Esta petición se produce sin esperar la decisión de un tribunal federal de apelaciones que ya está revisando otra solicitud de emergencia de la Casa Blanca. En esa instancia, la administración busca suspender una orden de una jueza de Massachusetts que, el 27 de agosto, congeló temporalmente la norma de restricción. La estrategia de Trump parece acelerar el proceso judicial para evitar que la corte de apelaciones emita un fallo antes del día de la votación.
La orden ejecutiva firmada por Trump en marzo acusa al voto por correo de generar fraude electoral, pese a la falta de pruebas concluyentes. La directiva otorga a agencias federales un papel sin precedentes en la logística electoral, un terreno que tradicionalmente corresponde a los gobiernos estatales. Entre sus disposiciones, el USPS debe compilar listas de votantes proporcionadas por cada estado y enviar boletas solo a quienes figuren en esos registros, lo que podría excluir a ciudadanos que, por diversas razones, no están inscritos en esas bases.

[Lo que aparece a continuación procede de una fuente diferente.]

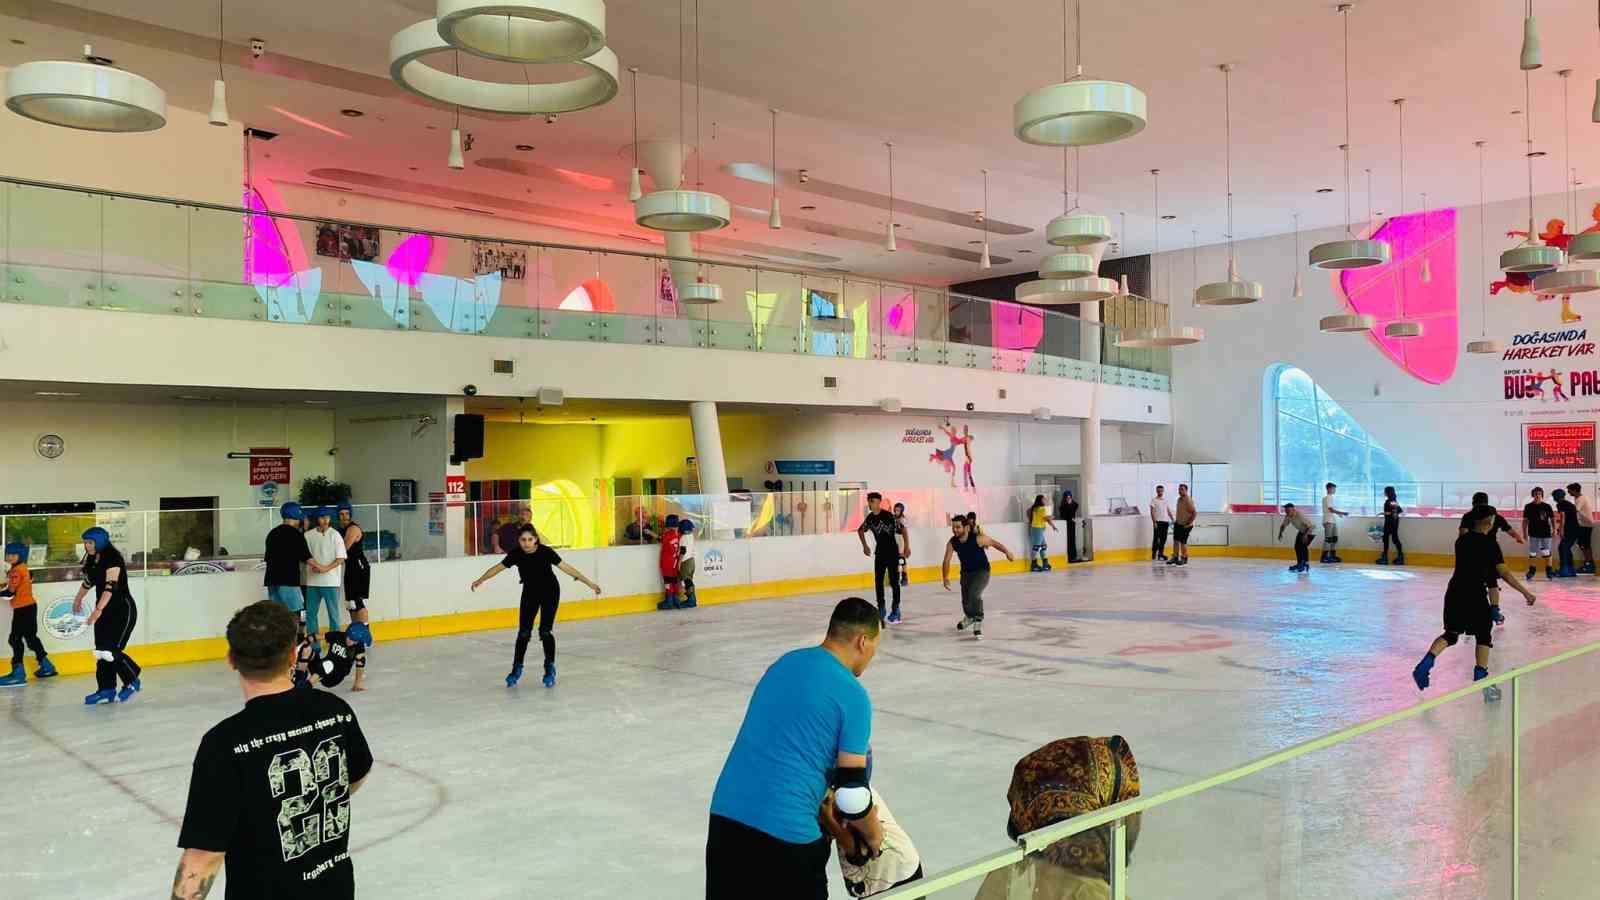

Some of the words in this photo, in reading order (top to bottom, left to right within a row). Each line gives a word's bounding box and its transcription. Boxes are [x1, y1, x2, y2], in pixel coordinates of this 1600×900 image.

Los críticos, incluidos grupos de defensa del derecho al voto y una coalición de 23 estados gobernados por demócratas, argumentan que la medida busca obstaculizar la participación de votantes que tienden a usar el correo, predominantemente demócratas. Señalan que la restricción vulneraría la Constitución al interferir con la manera en que los estados administran sus elecciones y al crear barreras discriminatorias.
Mientras tanto, Carolina del Norte se prepara para ser el primer estado en distribuir masivamente boletas por correo este viernes, un paso que podría definir el equilibrio de poder en el Congreso. La decisión del Supremo será crucial, pues ya había anulado previamente otra orden de Trump por cuestiones procesales, sin pronunciarse sobre su legalidad sustantiva.
El escenario político se intensifica: si la Corte Suprema otorga la autorización al USPS, la campaña electoral de 2026 podría verse marcada por denuncias de supresión de voto y litigios adicionales. Por el contrario, un rechazo mantendría el statu quo y obligaría a la administración a buscar otras vías para limitar el voto por correo, manteniendo la incertidumbre en el panorama electoral nacional.